A few words on the rash of private museums all but launched in Miami (and presently subject to a Congressional investigation into tax breaks): they are freezing! If they temper the temperature a little they could each afford another Wool, achoo. An art professor at Parsons summed it up rather perfectly to Kai who paints: “if you can’t make it red, make it big”; I think the teacher should abandon ship and get a job at a private foundation in Miami.
Despite the heady total of $2.4 billion, both auction houses suffered immense losses in the November sales to the tune of a whopping $50-100 million each according to reliable sources, that’s one hell of a lousy auction house estimate (the actual numbers are assuredly closer to the top). Christie’s aggressive guarantees and Sotheby’s massive $515 million Alfred Taubman pledge came up short, more than a tad too little to amount to an auspicious first move for CEO Tad Smith. A young hedge fund client who pumped $3-5 million into contemporary art shorted Sotheby’s shares to cover any interruption in the art market and did so well that he mirrored the trade for his fund. It’s his best bet of the nearly-ended year.

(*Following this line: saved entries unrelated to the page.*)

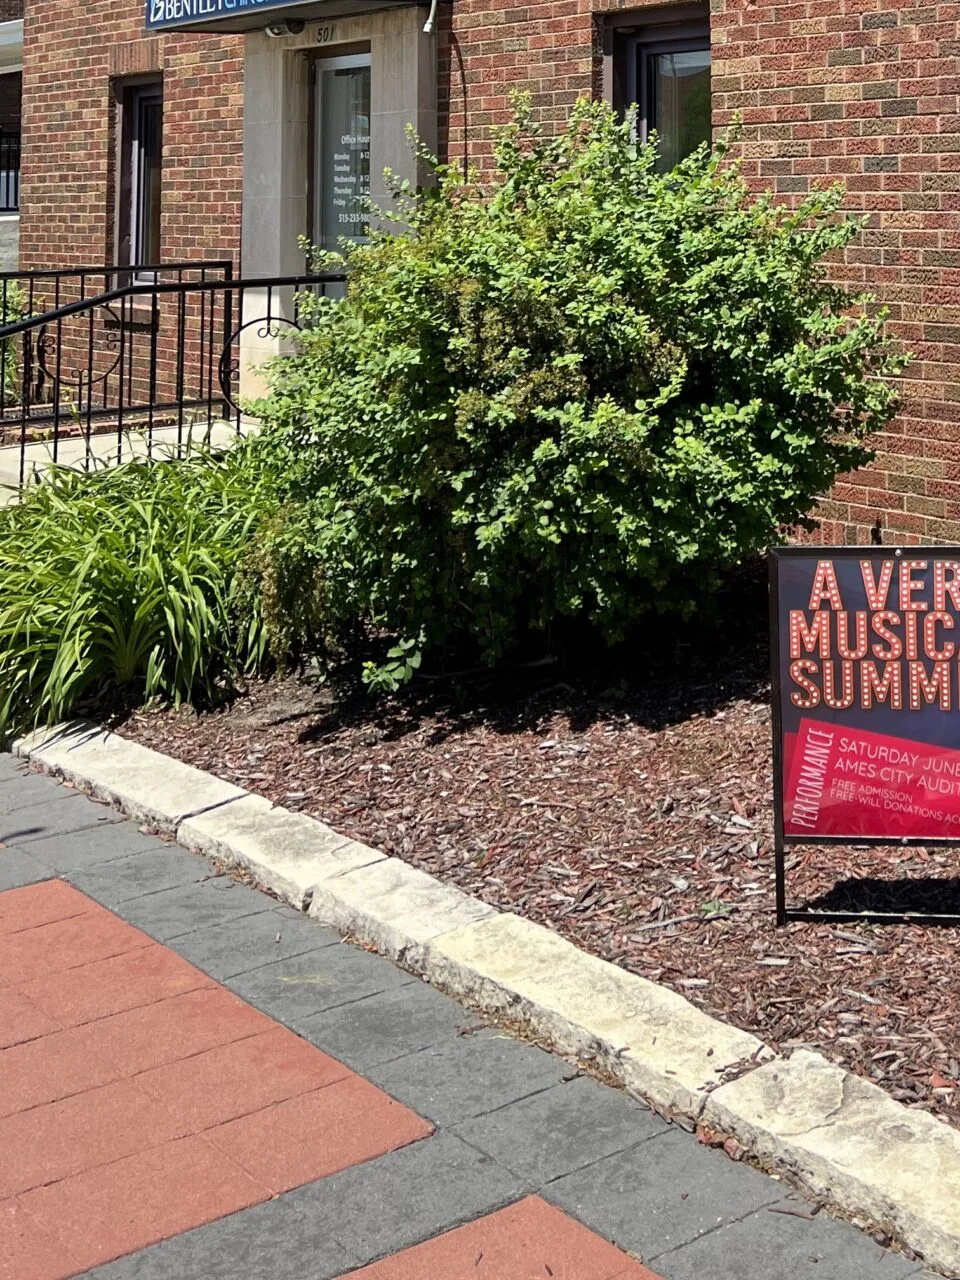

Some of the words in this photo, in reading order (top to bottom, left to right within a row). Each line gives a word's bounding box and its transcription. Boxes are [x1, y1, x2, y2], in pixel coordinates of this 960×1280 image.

[316, 26, 335, 43] 501
[341, 134, 356, 144] Office
[334, 153, 350, 161] Monday
[334, 164, 351, 173] Tuesday
[334, 175, 356, 184] Wednesday
[334, 186, 352, 195] Thursday
[333, 198, 346, 207] Friday
[808, 560, 842, 610] A
[838, 737, 919, 767] SATURDAY
[790, 727, 834, 829] PERFORMANCE
[834, 757, 877, 778] AMES
[880, 767, 914, 785] CITY
[831, 778, 857, 792] FREE
[858, 783, 913, 803] ADMISSION
[883, 800, 943, 821] DONATIONS

RM Sotheby’s December 10th New York auction, “Driven by Disruption” (naming sales is all the rage), filled with wildly aggressively estimated multimillion dollar classic cars—one car alone carries a valuation of $28,000,000-$32,000,000, a 1956 Ferrari (the Picasso of the petrol world). Let’s see if the greed of guarantees and inordinately high expectations dampens enthusiasm in this sector as much as it contributed to the slowdown in contemporary.
There’s a new move in Switzerland to force the issue of disclosure in the murky world of free ports, which for most of us are just convenient and hyper expensive storage facilities, not as glamorous or sexy as they’ve improbably been painted. And regarding the ballyhooed bullshit about the murky muck that lies within, there is not much the banks don’t already know.

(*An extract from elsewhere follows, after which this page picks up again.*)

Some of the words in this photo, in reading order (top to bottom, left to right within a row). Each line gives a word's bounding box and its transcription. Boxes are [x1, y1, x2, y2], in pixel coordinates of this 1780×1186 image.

In an ongoing global economic constriction, art seems the last to go, but we are entering a sobering, more cautious time, other than for fresh to the market, marquee works by marquee names. Art marches on and I will venture to say we are in front of a bigger overall picture to come, in spite of the shrill whines to the contrary—in unison against everything from Warhol’s market (I’ll happily take a few crumbs of it) to concerns about the overall health of the market. I will walk the plank and hazard that the May New York auctions, the real test, will achieve a very strong result over $2b, trust.
Oh the party in Miami that it even slogs on is a testament to the perseverance of the flock, a disjointed, dissonant group inexorably stuck together by art. No one can or will stop buying—they can’t, its certifiable. There’s even a word for it, a medical term for people who have an uncontrollable and compulsive desire to shop, oniomania, which comes from the Greek onios, which means for sale, and mania, which means insanity (blog.dictionary.com). But whatever our individual symptomologies and in the face of unparalleled social and political instability we daily face, onward and forward we go.
Not to close on a somber and threatening message, but smack in the middle of the fair in prime time there was a random, bloody, nearly fatal homicide attempt. This is a warning I hope will be heeded—it’s time for full-on security at art fairs, museums and auction houses—let’s throw notorious art world tetchiness to the wind; like it or not, we live in a dangerous new world order. I’m glad to share it with art and my kids.